House upholds prohibition on gun research

House lawmakers denied an effort to repeal a 19-year-old prohibition on gun research on the same day that a leading gun control proponent doubted anything will get done on the issue.

The House Appropriations Committee voted 32-19 Wednesday largely along party lines to shoot down an amendment on funding gun research in a spending bill. A majority of Democrats have argued that research won’t impinge gun-owner rights but Republicans were not so sure.

The vote comes a week after the racially-motivated shooting deaths of nine people in Charleston, S.C.

In 1996, the House prohibited the Centers for Disease Control and Prevention from funding any types of gun research. The prohibition was to prevent any activities such as data collection for current and future research that could be used to take away guns or ammunition or create a list of gun owners.
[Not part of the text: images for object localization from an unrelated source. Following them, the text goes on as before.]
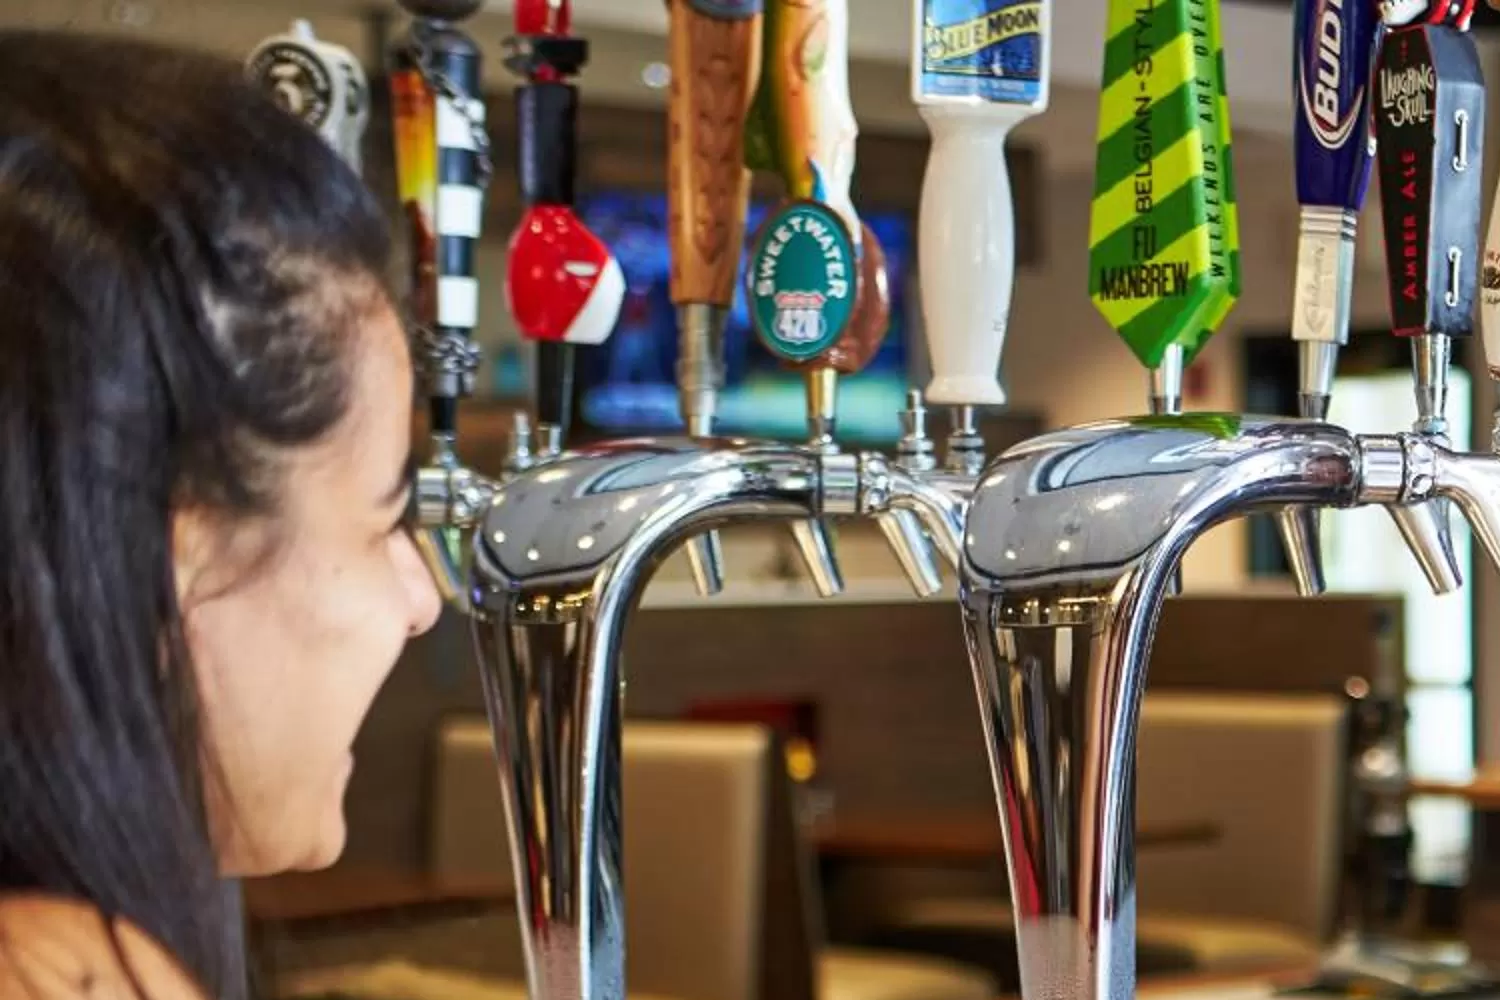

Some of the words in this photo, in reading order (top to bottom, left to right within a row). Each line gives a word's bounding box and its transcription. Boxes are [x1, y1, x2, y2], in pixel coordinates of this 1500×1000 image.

[987, 8, 1039, 40] MOON
[1195, 77, 1215, 123] ARE
[1387, 95, 1437, 127] SKULL
[1400, 151, 1416, 199] ALE
[1201, 143, 1225, 278] WEEKENDS
[755, 215, 849, 299] SWEETWATER
[1133, 224, 1157, 262] FU
[1402, 214, 1418, 300] AMBER
[1100, 261, 1189, 301] MANBREW
[779, 308, 822, 339] 420
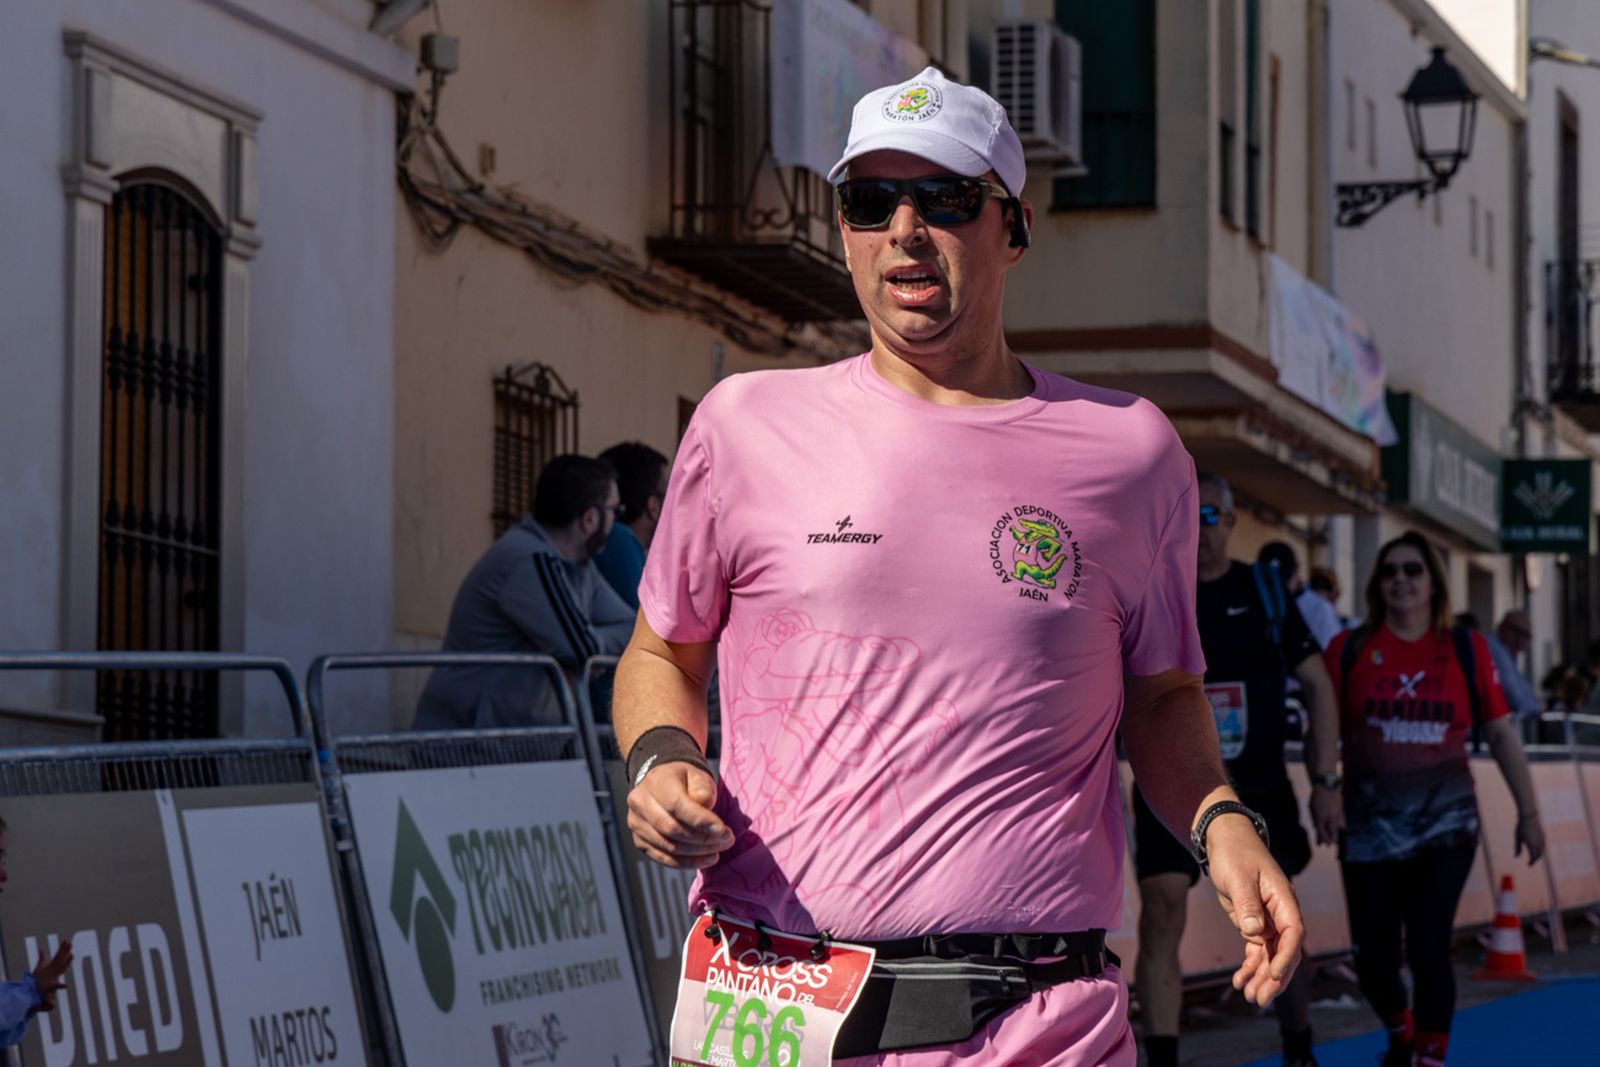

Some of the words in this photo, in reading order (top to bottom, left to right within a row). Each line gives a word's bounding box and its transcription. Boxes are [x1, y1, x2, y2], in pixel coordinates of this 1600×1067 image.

[806, 533, 883, 545] TEAMERGY
[989, 512, 1013, 584] ASOCIACION
[1013, 505, 1073, 539] DEPORTIVA
[1063, 541, 1082, 600] MARATON
[1019, 588, 1049, 602] JAÉN
[242, 872, 303, 962] JAÉN
[479, 967, 564, 1006] FRANCHISING
[565, 956, 624, 991] NETWORK
[704, 966, 796, 1007] PANTANO
[710, 932, 740, 967] X
[736, 947, 833, 989] CROSS
[24, 922, 184, 1067] UNED
[250, 1005, 338, 1067] MARTOS
[699, 988, 807, 1067] 766
A House appropriations bill for the CDC and other government agencies upheld the prohibition, and Democrats unsuccessfully tried to remove it.

Democrats on the panel said there is no harm in performing research.
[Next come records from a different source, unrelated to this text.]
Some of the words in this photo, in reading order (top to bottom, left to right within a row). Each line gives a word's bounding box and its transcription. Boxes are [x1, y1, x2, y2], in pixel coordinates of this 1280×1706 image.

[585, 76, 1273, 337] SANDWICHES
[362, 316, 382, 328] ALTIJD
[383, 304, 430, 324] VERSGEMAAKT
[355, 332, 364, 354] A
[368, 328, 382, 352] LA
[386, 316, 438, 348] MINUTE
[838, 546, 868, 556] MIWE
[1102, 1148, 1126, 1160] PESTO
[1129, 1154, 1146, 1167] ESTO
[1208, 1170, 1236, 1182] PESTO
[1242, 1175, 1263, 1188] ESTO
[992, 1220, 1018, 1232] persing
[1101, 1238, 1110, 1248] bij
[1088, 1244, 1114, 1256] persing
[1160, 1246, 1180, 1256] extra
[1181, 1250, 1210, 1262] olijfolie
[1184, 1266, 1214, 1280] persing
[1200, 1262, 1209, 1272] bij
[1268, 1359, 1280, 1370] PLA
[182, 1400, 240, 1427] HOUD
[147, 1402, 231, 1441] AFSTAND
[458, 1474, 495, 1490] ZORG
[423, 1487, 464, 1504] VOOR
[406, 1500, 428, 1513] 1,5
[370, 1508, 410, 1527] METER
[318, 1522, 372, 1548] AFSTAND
They noted that the amendment is not about creating a registry of gun owners or confiscating firearms.

“This amendment is about research and nothing more,” said Nita Lowey, D-N.Y., the amendment’s sponsor.
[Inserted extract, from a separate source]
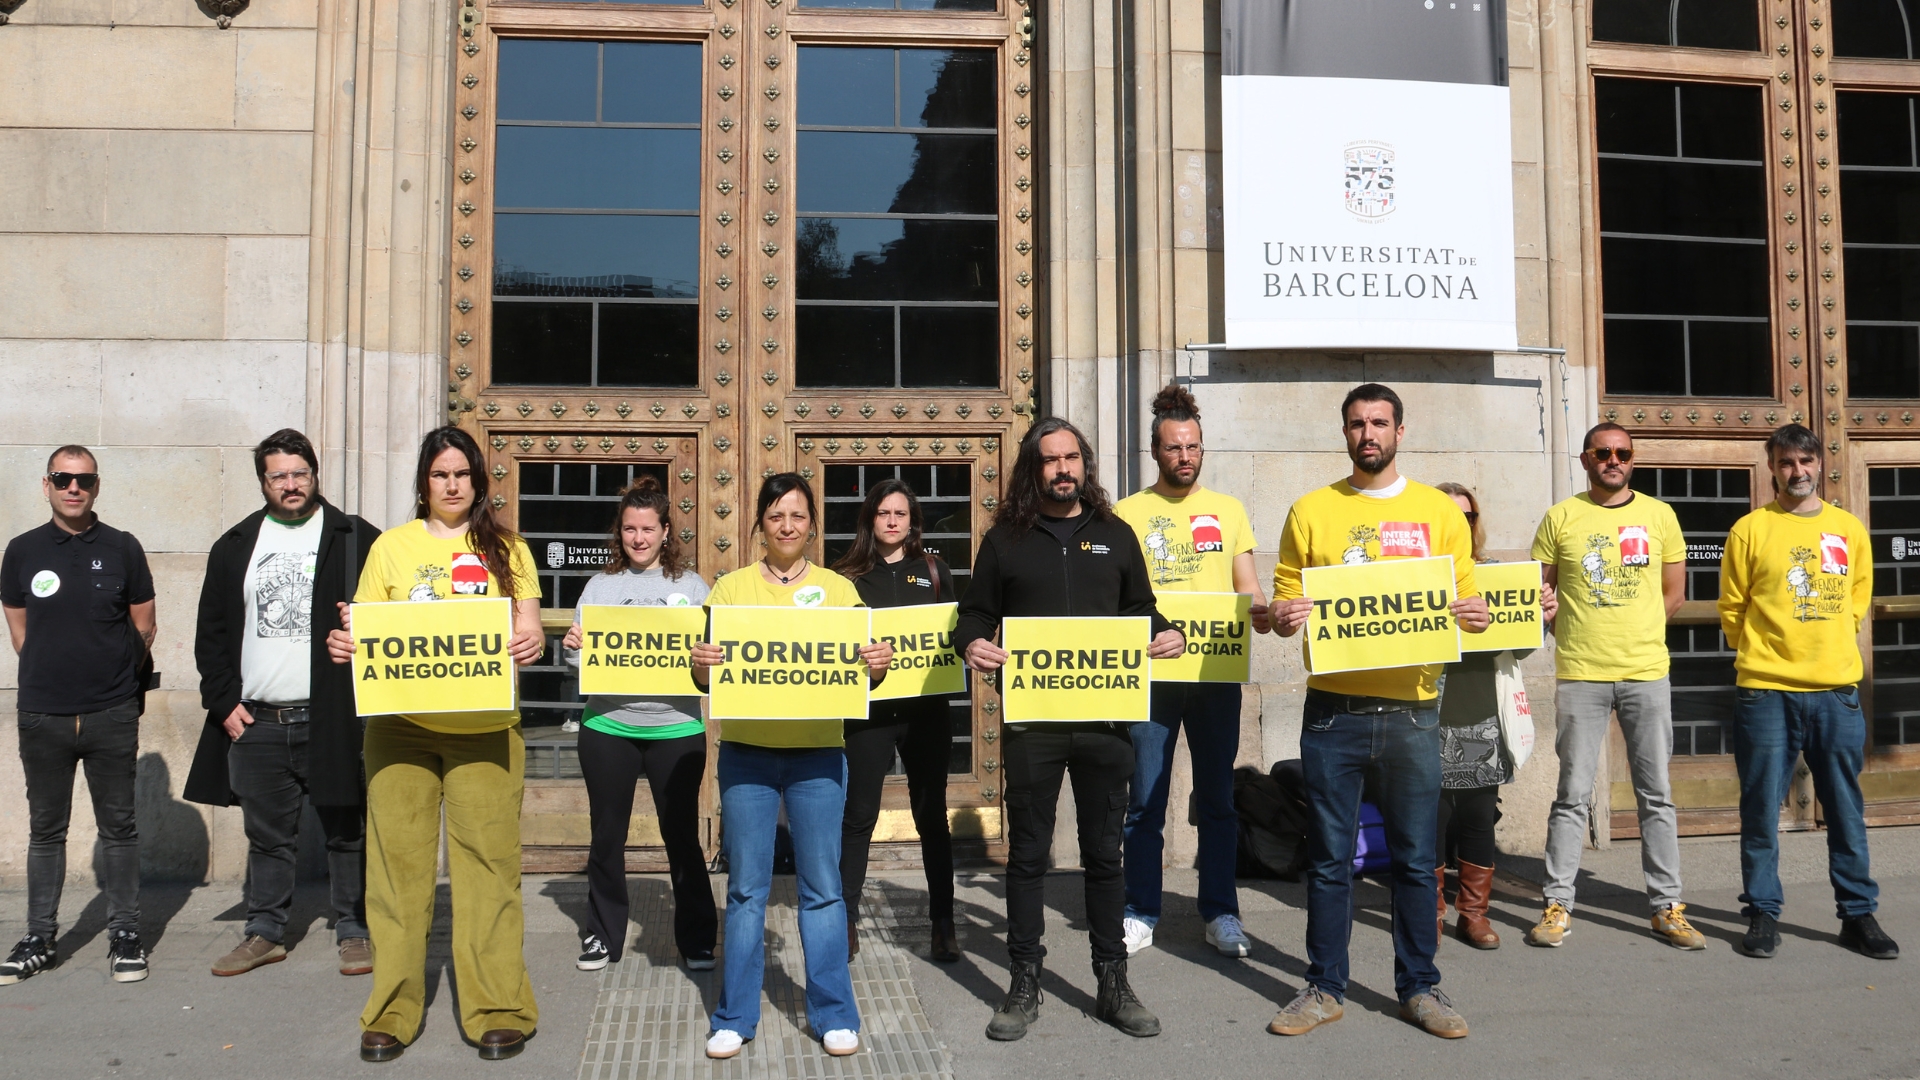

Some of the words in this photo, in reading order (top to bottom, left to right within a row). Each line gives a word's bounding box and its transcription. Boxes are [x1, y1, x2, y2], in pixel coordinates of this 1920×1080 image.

Most Democrats said the research would help to “prevent violence while still protecting the rights of gun owners,” according to Rep. David E. Price, D-N.C.

The CDC could do research on helpful topics such as how to properly store a gun, Democrats on the panel said.

But Republicans on the panel were not swayed.

“This prohibition has been in this bill since 1996. It is striking to me that neither side, and they have both been in the majority, has seen fit to repeal it,” said Rep. Tom Cole, R-Okla. “We don’t think this place is the appropriate place for a debate over the Second Amendment.”

The measure looks to be one of the few, if any, gun provisions considered by Congress this session. Gun-control advocate Sen. Pat Toomey, R-Pa., said Wednesday on MSNBC that there aren’t any votes planned in the Senate for expanding background checks.